11 Jul Where Kettlebells Fall Short…

KettlebellKettlebells are fantastic tools.

But, we need to remember, they are just tools.

And, we have many other great tools that are available to us, depending on our goals.

The BEST tool is the tool that match’s our primary training goal.

Now, don’t get me wrong here, I absolutely love kettlebells and will be training with them for the rest of my life.

Kettlebells offer many great benefits, without question.

You want to know the big hook for me with kettlebells when I started?

MOVEMENT.

Kettlebells offered many things, but learning better movement was the hook.

It’s the principles of movement, the skill of strength, and the simplicity of training that captured my attention with kettlebells.

And, of course the tool delivered phenomenal results in terms of improved strength, mobility, conditioning, and body composition.

Kettlebells pretty much completely revolutionized my training when I discovered the tool.

And, let me tell you this, it will always be a “staple” and a big focus in my training.

But, that doesn’t mean it’s the ONLY thing there is.

As a matter of fact, I don’t know of anyone who actually claims that “kettlebells are the only thing.”

So, where exactly do kettlebells fall short?

Well, after just completing a laser focused barbell muscle building program which delivered killer results, I’d have to say that kettlebells fall short in building hypertrophy.

Now, hear me out and let me explain a bit further, so there’s no confusion.

KETTLEBELLS DO BUILD MUSCLE.

I’m not saying they are ineffective in that department.

Kettlebell training will help you forge a leaner, stronger, and more muscular body.

As a matter of fact, I created a program called The Shock and Awe Protocol specifically designed for size and strength and the program works.

You also have great programs like Geoff Neupert’s Kettlebell Muscle, which is totally awesome.

Don’t get me wrong, both of these programs deliver and will help you put on muscle, but there is a difference.

The difference is that you can’t pack on muscle to the level you can with a bodybuilding style program.

Here’s what I mean.

THE BODYBUILDER EFFECT.

There is a difference between training for the “bodybuilder effect” and training to put on general size.

The difference is that the “bodybuilder effect” will produce maximum muscular hypertrophy in your arms, chest, shoulders, back, etc.

In other words, you are training to look like a bodybuilder – this is the “bodybuilder effect.”

Let me ask you, have you ever heard of a top level bodybuilder who’s training primarily with kettlebells?

Me either.

Let’s talk about programming.

A bodybuilding style hypertrophy program focuses more on specific body parts and works your muscles from many different angles in ways that aren’t really possible with traditional kettlebell training.

And, you can train with higher intensities with laser focus on muscle building.

For example, the barbell program I just completed emphasized the basic barbell exercises (bench presses, squats, rows, curls, tricep extensions, etc).

It was a specific bodybuilding style program designed for hypertrophy.

The program allowed me to target muscle groups and apply proven principles for bodybuilding style results and would be tough to accomplish using only kettlebells.

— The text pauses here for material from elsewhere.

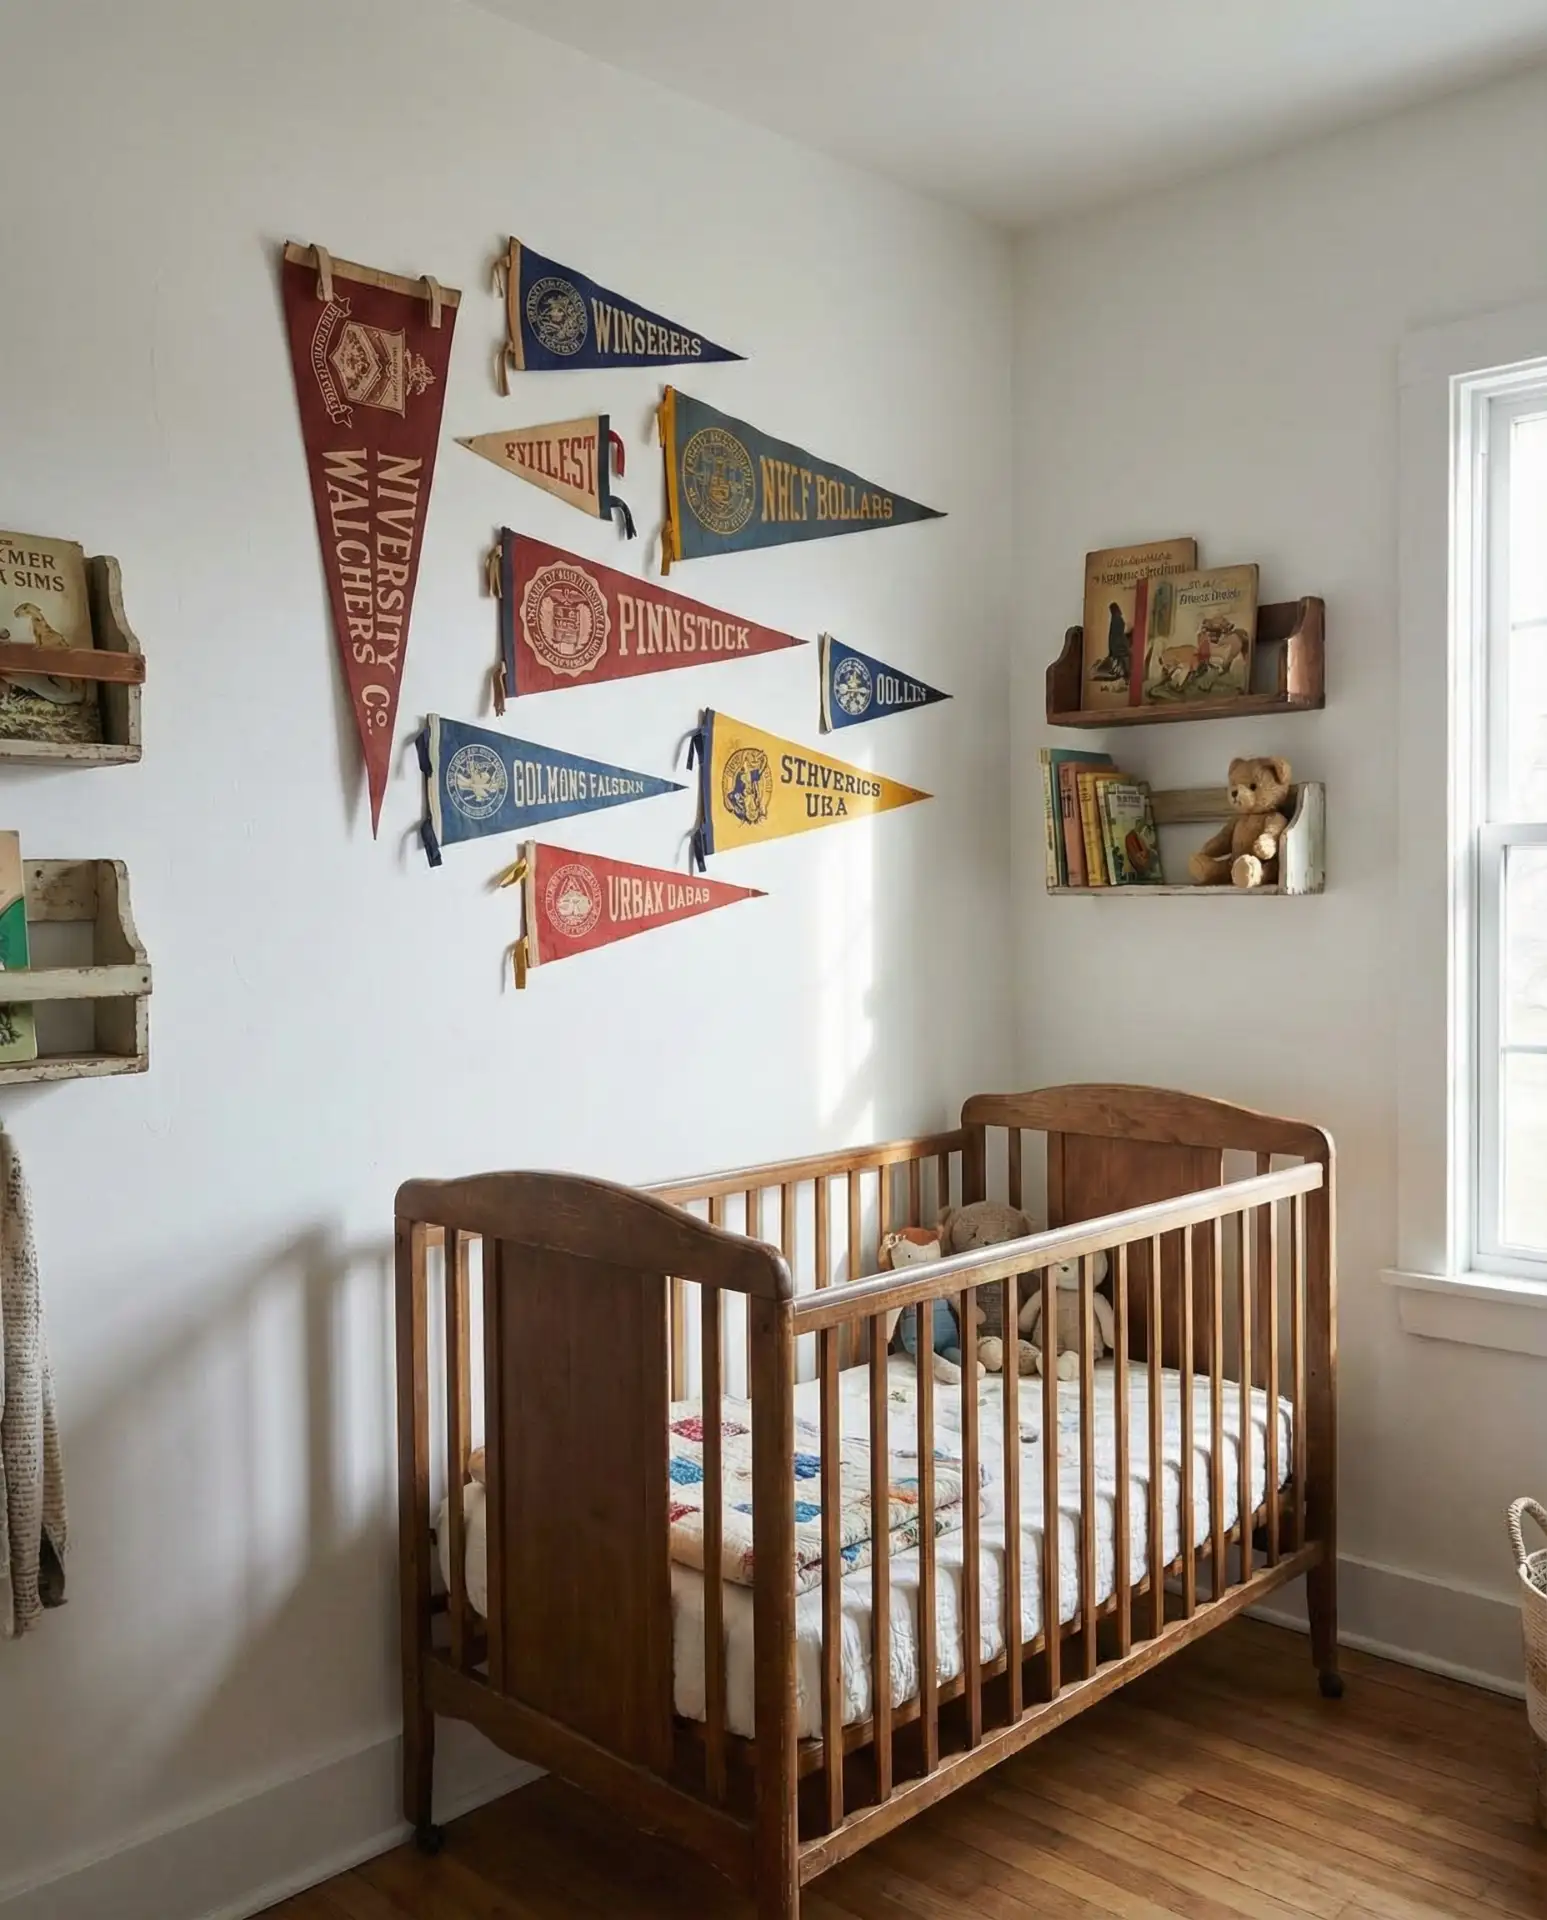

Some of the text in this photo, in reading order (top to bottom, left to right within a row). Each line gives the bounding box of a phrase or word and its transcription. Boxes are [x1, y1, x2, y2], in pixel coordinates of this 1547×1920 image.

Doing this bodybuilding style program, I was able to achieve a level of muscular development that I wasn’t able to achieve in many previous years with kettlebells.

Sure, kettlebells contributed to muscle building over the years, but I’m referring to the “bodybuilding effect.”

Here’s a picture that was taken just after completing the 6 week hypertrophy program.

PostProgramKettlebells are absolutely killer tools for strength, conditioning, movement, and performance.

The benefits of the tool are outstanding, as I’ve mentioned.

But, the tool does have limitations, just like any other tool.

We need to be realistic in what it can do and cannot.

To put on serious mass and for the “bodybuilder effect”, we need to look beyond kettlebells, use the right tools and, of course, implement the right programming and training variables.

That’s what it’s all about.

KEY TAKE-AWAYS:

As we always emphasize here, chase ONE GOAL at a time.

Make sure that you have the right tool or tools to help you meet your primary training goal.

Understanding the benefits and limitations of the tools we use is a major factor in our training success.

For fat loss, conditioning, performance, and general size and strength, the kettlebell is a unique and effective training tool that will always play an important role.

Scott Iardella writes about strength training methods to optimize health and performance. If you enjoyed this article, join a strong and growing community of passionate fitness enthusiasts and subscribe below to get a ton of cool, free stuff!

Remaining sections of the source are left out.